OK. Here we go.
It all has to do with what the amplifier "sees" as an effective load.
Your amp is stable to 2 ohms per channel, that means the maximum load (the minimum impedance) you can put on each channel, simultaneously, is 2 ohms. Anything below that impedance, and the amplifier will overheat (potentially catastrophically) or, if designed with a good protection circuit, not turn on at all.
::::::NOTE::::::
You'll notice I never referred to it as "ohm load", and you shouldn't either... It's not a correct phrase. Those are both words used to describe the same thing, but used oppositely. Low OHMS = high LOAD
::::END NOTE::::
Bridging is different altogether. When you bridge an amplifier, you still have the same load that your woofer is presenting, i.e. 8, 4, 2, 1 ohms... whatever the woofer is rated, however, whenever you put that (let's just say you have a 4 ohm woofer, to keep it simple) 4 ohm woofer on an amplifer in bridged mode, you are presenting half the impedance (twice the load) to each channel, in the case of a 4 ohm woofer, the amplifer will be effectively loaded to 2 ohms per channel.
It's really easy, actually. All you would do, is take the total load, presented by the woofer(s) and divide by 2, if connecting that load to a bridged amplifier. If connecting to a mono amplifier then you don't do anything - whatever the total ohms is, that's the load the amplifier will see.
::::::!!!!WARNING!!!!::::::: MISTER WIZARD TIME AHEAD
Turn off you computers NOW, if you think you might get bleary-eyed at another long, drawn-out haemphyst scientific explanation!
Why does it do this? Why does 4 ohms not equal 4 ohms in bridge mode? Because you are doubling the voltage across the load, the power supply will be required to make twice the current. The current production is what a power supply sees, when trying to provide a voltage to drive a load. I'll try to explain a little better.
Let's say that you have a stereo amplifier with an 8 ohm load attached to it. The amplifier is making 100 watts into that 8 ohm load. For that to happen, the amplifer power supply must be making (as in "HAS TO BE making") 28.28 volts peak to peak. The formula for figuring power is this: peak to peak voltage, squared, divided by the load. So:
28.28*28.28=800/8=100
Now, there is also a current requirement here. Voltage cannot flow without current. Voltage without current is called "static" electricity. For the amplifer to make 100 watts into an 8 ohm load, we have already determined that it is making 28.28 volts, but the current will be figured this way: voltage, divided by resistance equals current
28.28/8=3.535A
Now, a perfect amplifier will not care what the load is, it will ALWAYS make 28.28 volts, no matter WHAT speaker you connect to it. It does this by continuing to increase the current capacity on the outputs of the amplifier.
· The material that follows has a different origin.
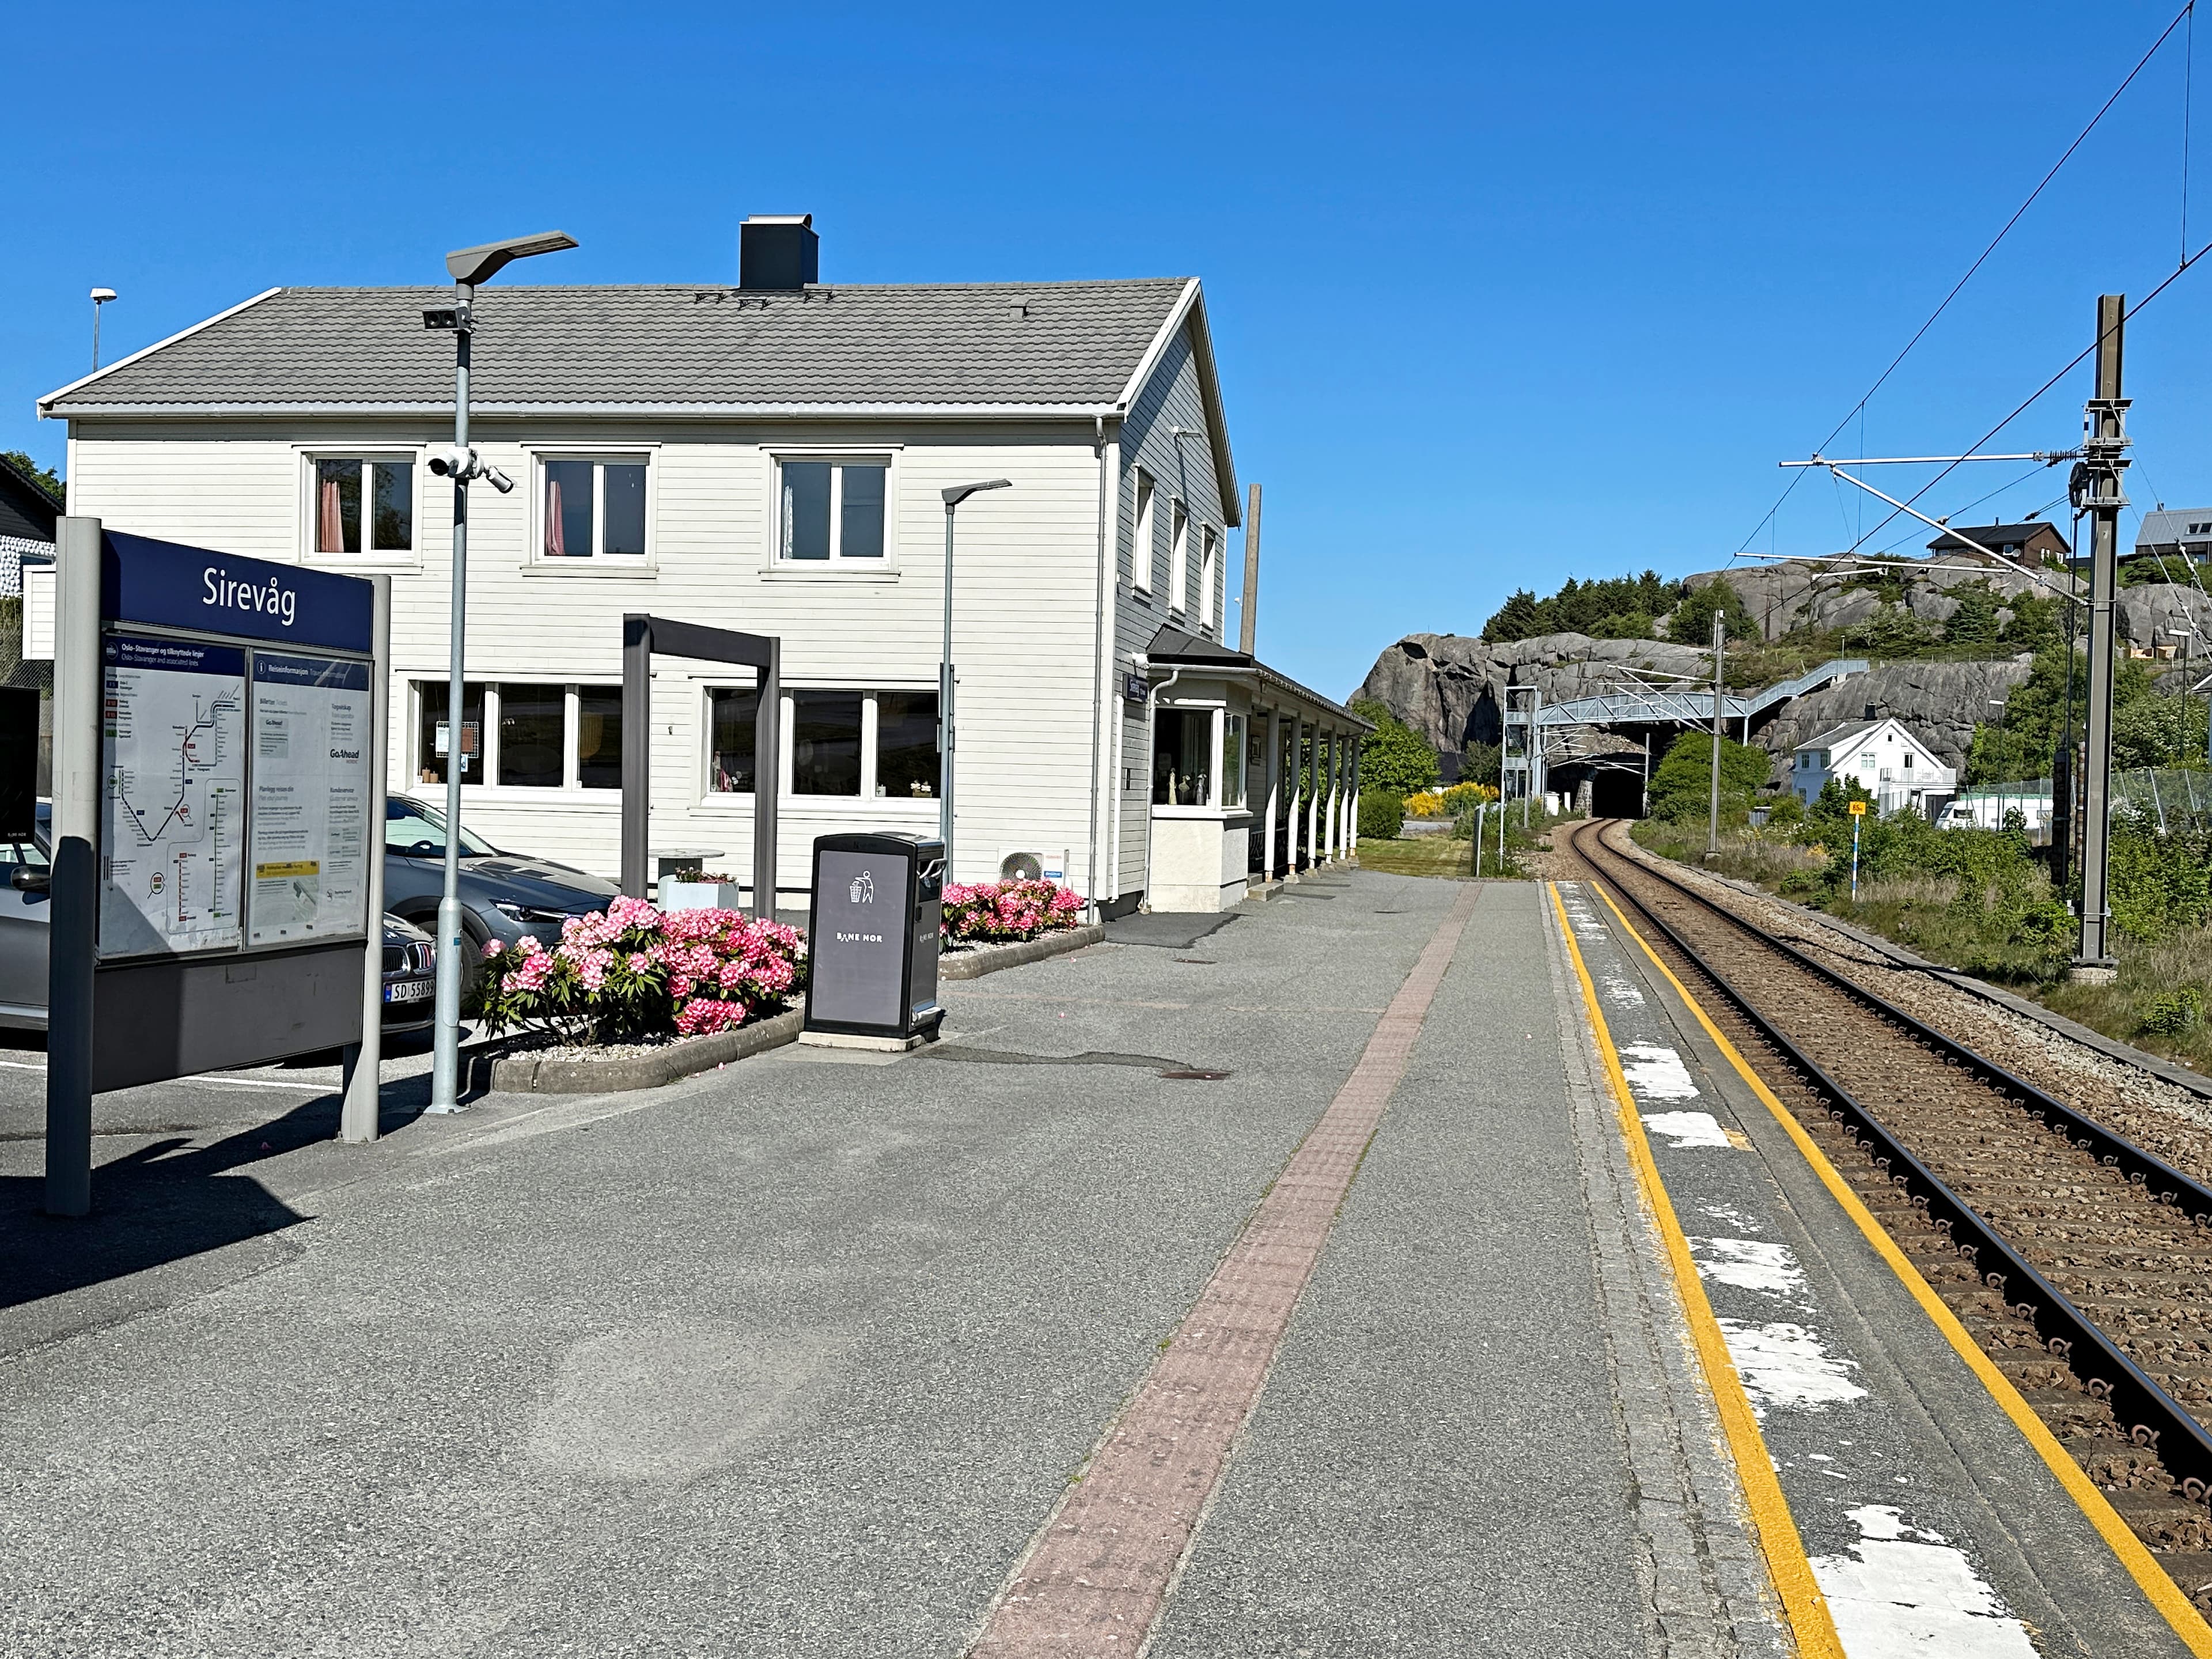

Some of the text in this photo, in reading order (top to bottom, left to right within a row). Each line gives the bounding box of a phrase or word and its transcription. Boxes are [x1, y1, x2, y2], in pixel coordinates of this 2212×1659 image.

Let's say you replace that 8 ohm woofer with a 4 ohm woofer. Will the power output remain the same? With a cheezy amplifier with a weak power supply, it could, but most likely, you will always get a little more power. Let's use my perfect amplifier example, the one that can maintain that 28.28 volts, no matter what speaker you connect to it, and plug the numbers, OK?
28.28*28.28=800/4=200
Wait... what happened? Just by reducing the load, we got more power? wha...? What happened to our current?
28.28/4=7.07A
The current DOUBLED! That's why we can halve the load and get twice the power.
What happens if we double the voltage, but keep the same 8 ohm load?
56.56*56.56=3200/8=400
Wait... wait... WAIT!!! We only doubled the voltage, but we got 4 TIMES the power? Why? Well, it's in the current side, again.
56.56/8=7.07A
Herein lies the answers to the power outputs involved with bridging, and the loads seen by the power supply, in a bridged amplifier AS WELL AS the reason the amplifier "sees" twice the load (or half) of a given impedance. It's because of the additional current demand.
When you bridge an amplifer, you "invert" one channel, electrically. What this means is that if one channel is making a 60Hz wave, the other channel is making that same 60Hz wave, but 180 degrees out of phase. If you had two woofers, one connected to each channel, you would have very little to no overall output, due to the cancellation. Stereo amplifers all have two voltage rails (the positive and the negative rail) and a "neutral", or return, just like in your house, and the woofer, in stero mode is attached to the return and only one rail at any given moment.
But if we connect a woofer to a bridged amplifier, we suddenly present twice the voltage, (one rail, running at +14.14 volts, and the other rail running at -14.14 volts, rather than 14.14 volts and a neutral, or 0 volt rail) which will mandate twice the current. Now 2*2=4, so twice the voltage, twice the current, equals 4 times the power. What is actually happening, is the woofer is now no longer connected to a voltage rail and the neutral, but rather across the two voltage rails, providing twice the voltage, across the same load. This is why better quality amplifiers will quadruple their outputs into a bridged load, over a stereo load of the same impedance.
It all reminds me of something that Molière once said to Guy de Maupassant at a café in Vienna: "That's nice. You should write it down."